Le mouvement des Gilets jaunes semble confirmer une rupture du fil historique des luttes de classes. Elle avait déjà été amorcée mondialement par les printemps arabes, le mouvement Occupy et les mouvements des Places qui tous avaient placé en tête des mobilisations des revendications ou des demandes touchant les libertés, l’égalité, les conditions de vie en général ; l’emploi plus que les conditions de travail. C’est aussi pour cela que ces mouvements s’adressaient bien plus à l’État qu’au patronat, dans la mesure où le processus de globalisation/totalisation du capital conduit les États à gérer la reproduction du rapport social au niveau territorial, mais en restant dépendant des exigences de la globalisation.

En France, la force de résilience du mouvement ouvrier traditionnel avait encore maintenu cette idée de lutte de la classe du travail contre le capital. Au printemps 2016, la lutte contre la réforme du droit du travail et des statuts poursuivait encore sur la voie « la classe ouvrière avant tout » sans obtenir de résultats tangibles. Quelques années auparavant, les regains de mobilisation engendrés par le mouvement des Places n’avaient pas permis un rebond effectif, car ce dernier avait vite privilégié le formalisme des assemblées au détriment des contenus de la lutte. Une lutte qui semblait avoir trouvé un alliage plus prometteur au sein du mouvement espagnol, avec le débordement du mouvement des Places vers les solidarités de quartier en lien avec les problèmes de logement.

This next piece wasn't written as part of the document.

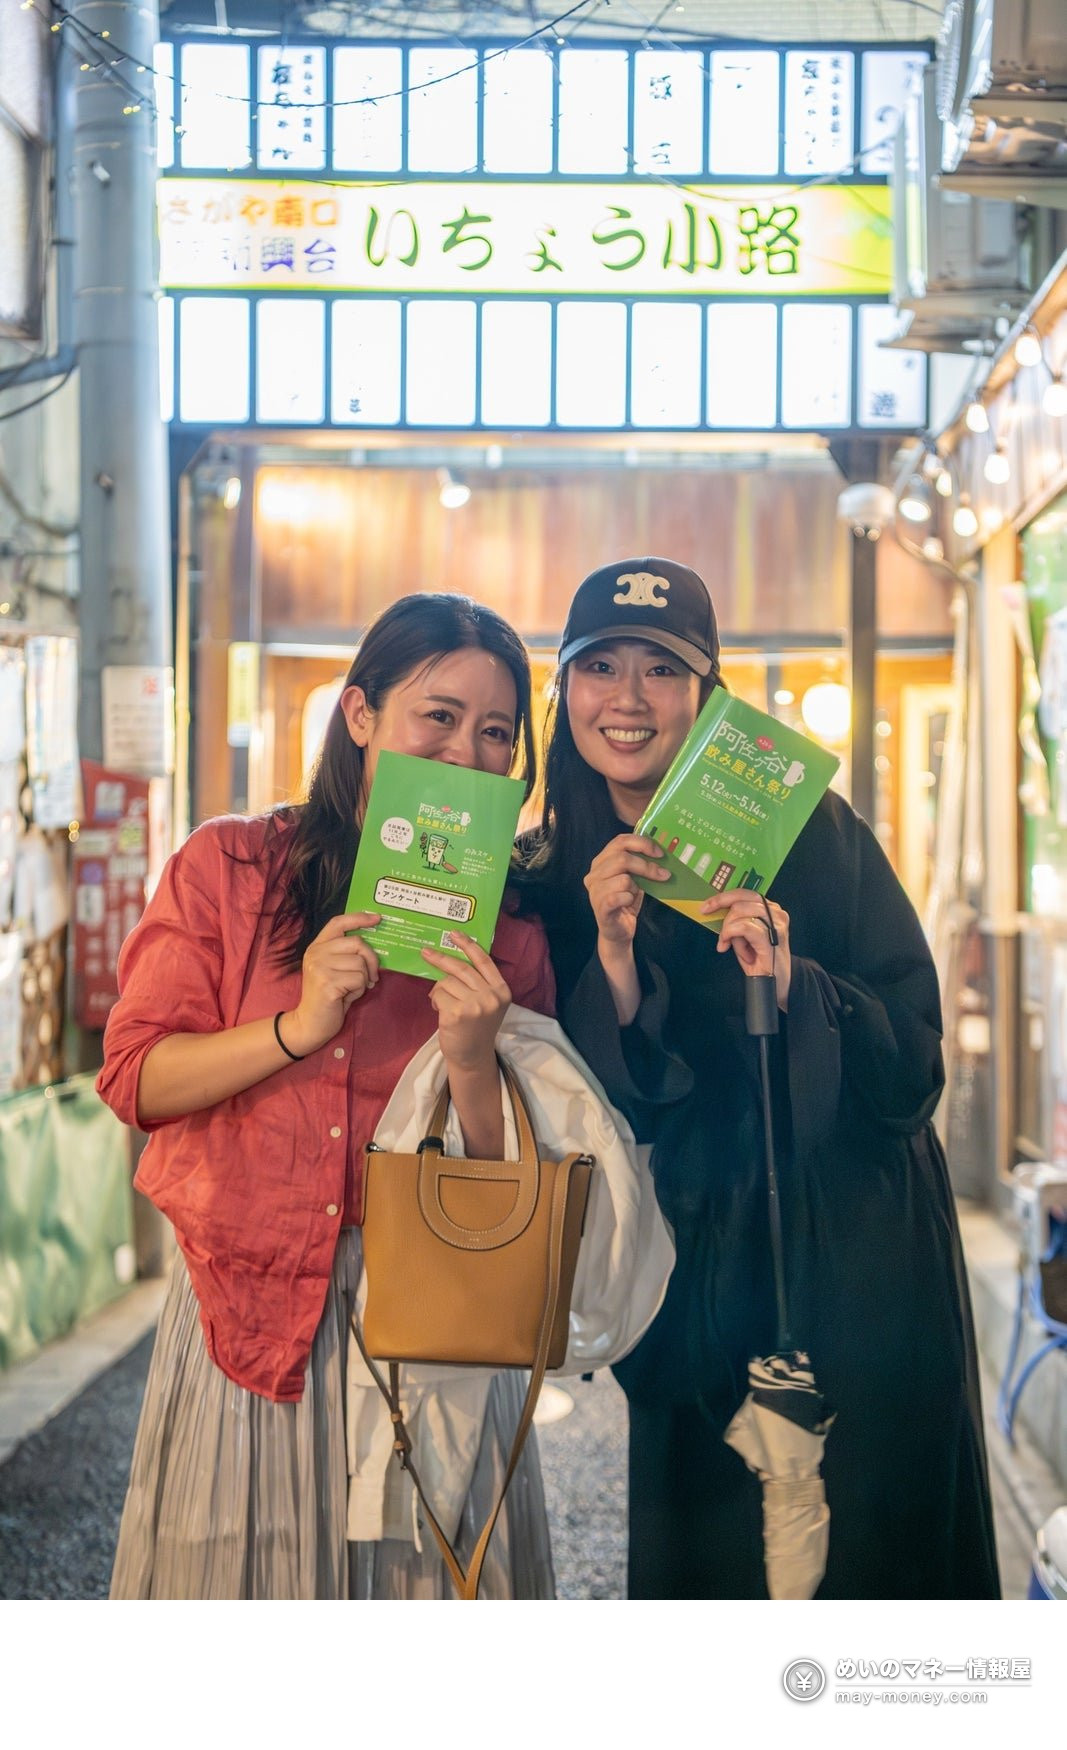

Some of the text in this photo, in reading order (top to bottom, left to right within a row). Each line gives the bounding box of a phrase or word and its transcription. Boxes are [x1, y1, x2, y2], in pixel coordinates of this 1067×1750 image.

[365, 203, 800, 275] いちょう小路
[703, 744, 792, 800] 飲み屋さん祭り
[712, 719, 788, 773] 阿佐ヶ谷
[382, 890, 420, 905] アンケート

Dans toutes ces luttes, y compris dans le cas de la lutte contre la loi-travail, la question de la grève générale ou celle du blocage de la production à partir des usines n’a pas été posée, de même qu’elle n’est pas posée au sein du mouvement des Gilets jaunes. Dans ces conditions, conjuguer la poursuite des occupations de ronds-points avec des appels à la grève des salariés relève d’une fiction de « convergence des luttes » ou alors de l’idée dépassée que le blocage des flux de marchandises serait secondaire par rapport au blocage de la production des marchandises elles-mêmes.

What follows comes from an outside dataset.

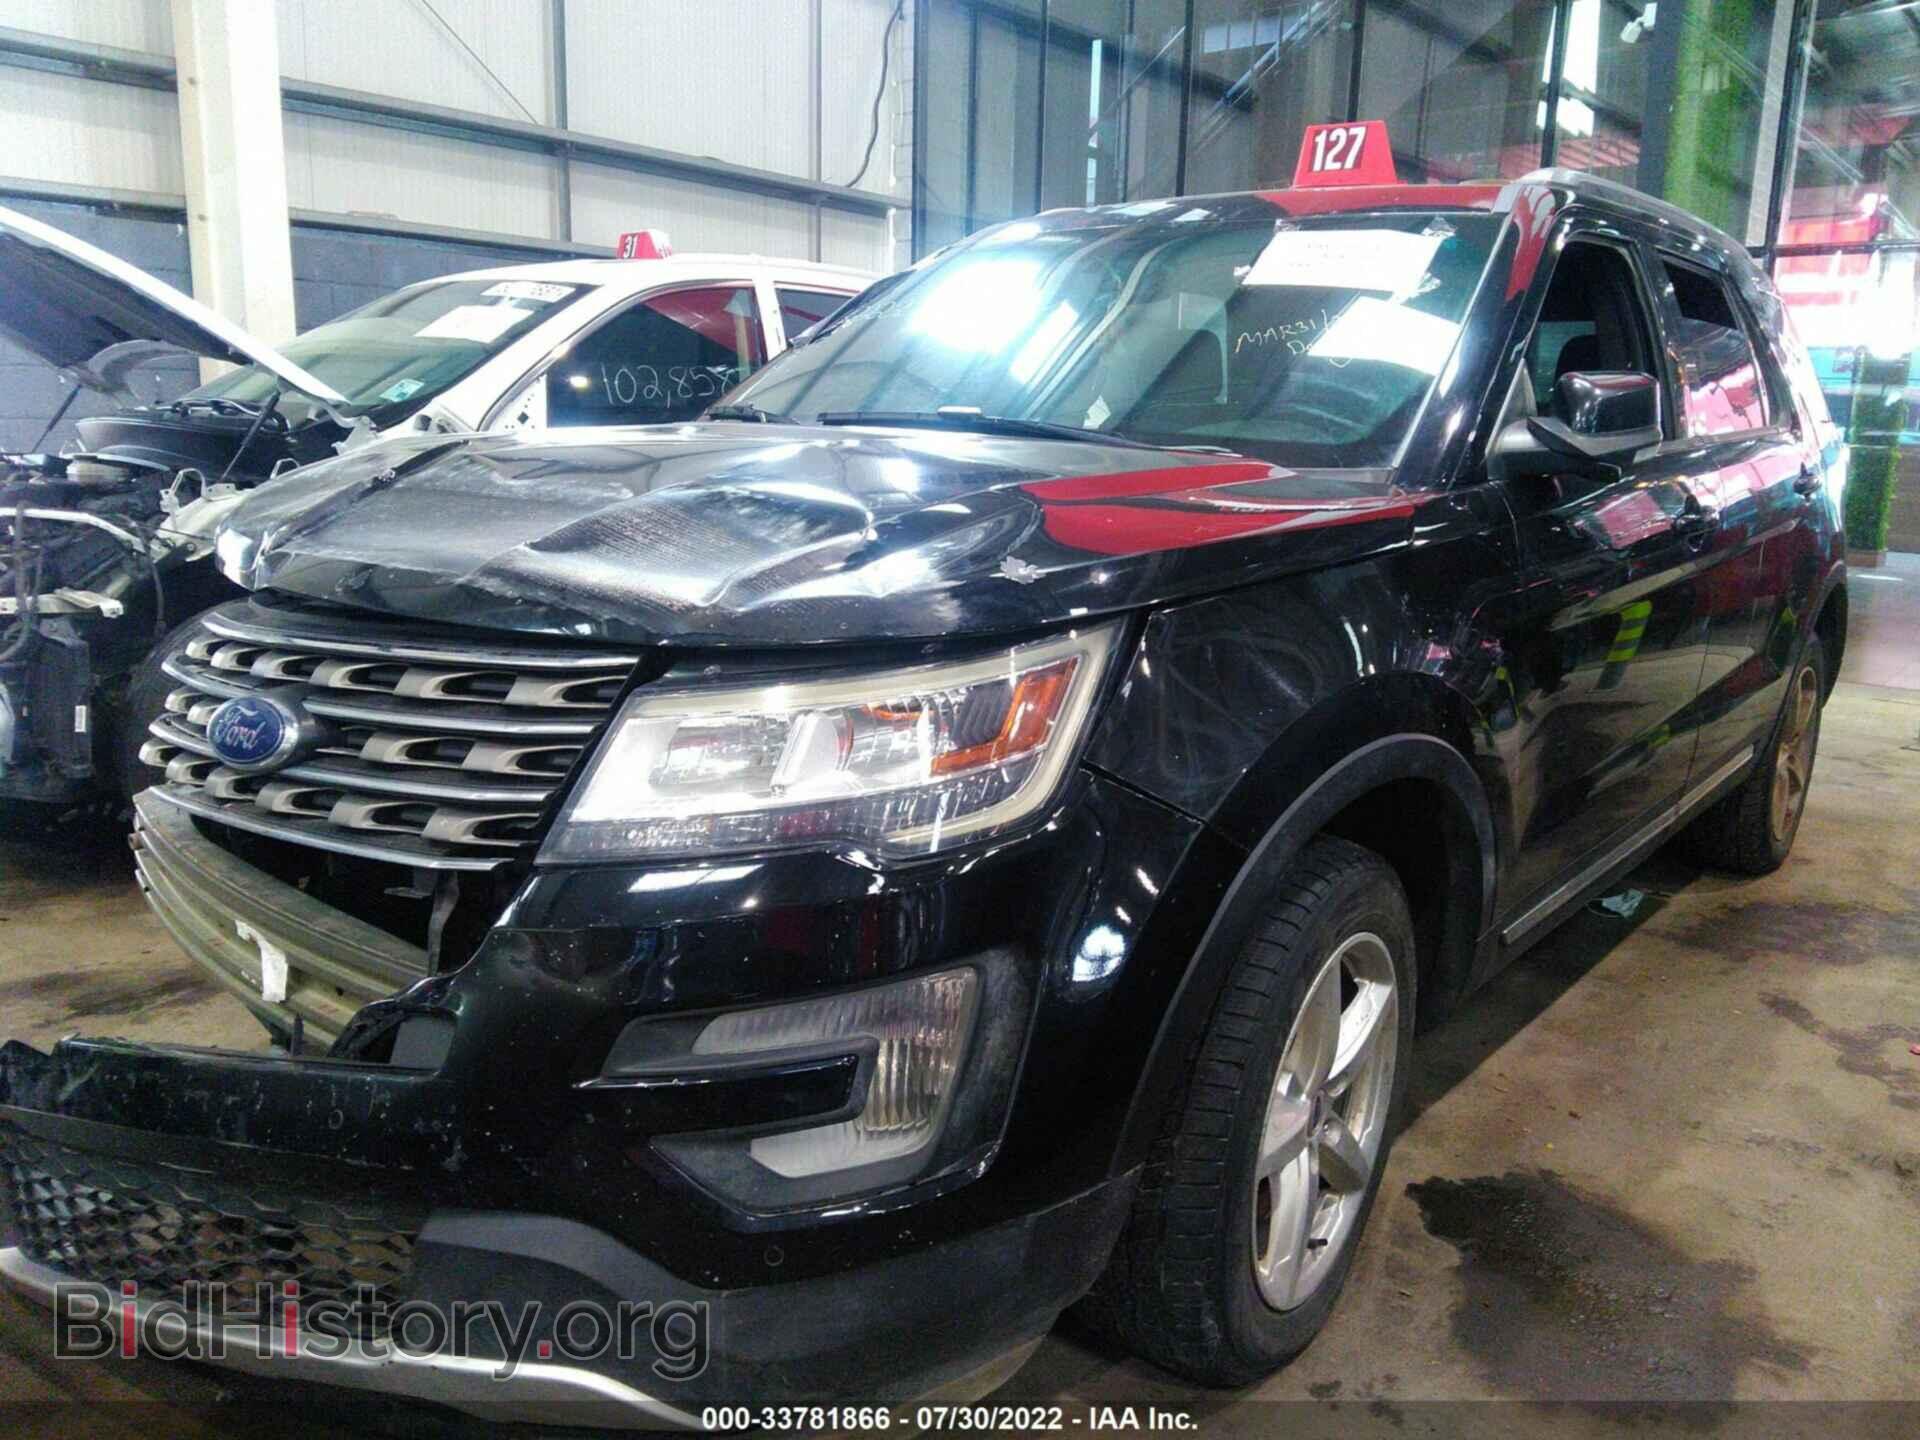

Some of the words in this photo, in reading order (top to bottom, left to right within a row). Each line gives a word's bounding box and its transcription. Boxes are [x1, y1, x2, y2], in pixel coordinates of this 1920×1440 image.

[1311, 126, 1367, 172] 127
[622, 234, 639, 259] 31
[214, 705, 266, 750] Ford

Une communauté de lutte qui n’est plus la communauté du travail

Les révoltés des ronds-points sont certes pour beaucoup des salariés (ou assimilables à des salariés quand ils bénéficient d’emplois aidés ou d’aides au retour à l’emploi), mais il y a aussi bien d’autres occupants non salariés ou anciens salariés (notamment des auto-entrepreneurs pauvres et surtout des retraités qui sont loin de tous partir en avion low cost pour des destinations exotiques). Ce n’est pas à partir du rapport de travail qu’ils interviennent, mais à partir de leurs conditions de vie et de leur inexistence sociale. Une lutte, certes, mais une lutte sans classe plutôt qu’une lutte de classes. Il ne sert donc à rien d’y rechercher ce qui serait son aile prolétarienne pour lui donner une transcroissance qu’elle n’a manifestement pas l’intention de manifester.

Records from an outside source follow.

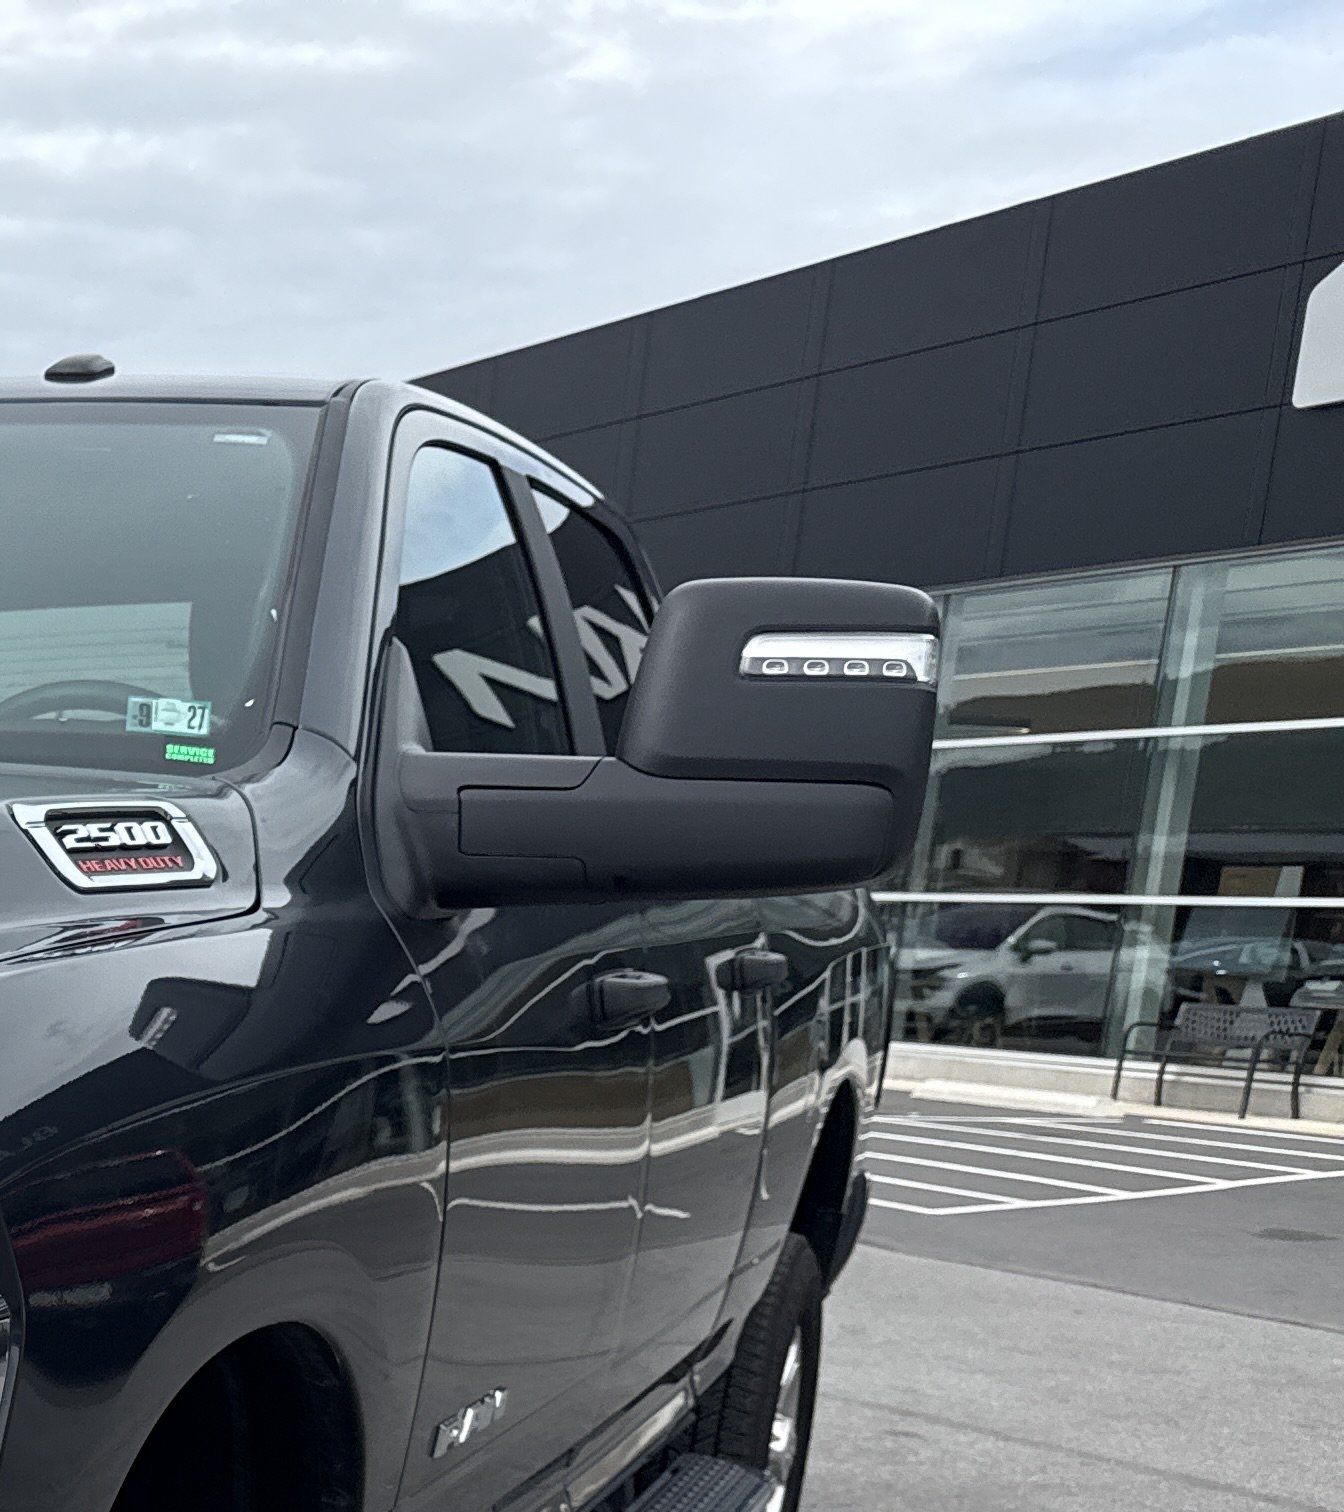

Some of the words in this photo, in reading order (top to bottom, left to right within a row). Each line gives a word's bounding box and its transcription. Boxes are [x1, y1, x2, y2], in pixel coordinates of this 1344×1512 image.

[187, 705, 207, 731] 27
[165, 744, 215, 757] SERVICE
[56, 821, 173, 852] 2500
[78, 857, 136, 872] HEAVY
[138, 856, 184, 870] DUTY

D’ailleurs, si les Gilets jaunes sont méprisés par le pouvoir en place, ce n’est pas parce qu’ils sont des « prolétaires » au sens historique du terme (Macron ne méprise pas ouvertement les ouvriers professionnels élevés dans les règles de l’art de l’éducation syndicale et légaliste), mais plutôt parce qu’ils ne sont, pour lui, que des riens du tout (« des gens qui ne sont rien » a-t-il dit), des sortes de sous-prolétaires modernes, des cas sociaux, des sauvages ayant oublié toutes les règles de civilité, des gens qui ne savent ni parler ni produire des responsables. Des « sans dents » comme disait Hollande. Un mépris lui-même méprisable tant il est chargé d’inhumanité ; un mépris aveuglé puisqu’il jette sur le mouvement un jugement indifférencié alors même que nous qui nous mêlons à eux, nous savons qu’il y a des personnes très différentes au sein des collectifs de Gilets jaunes.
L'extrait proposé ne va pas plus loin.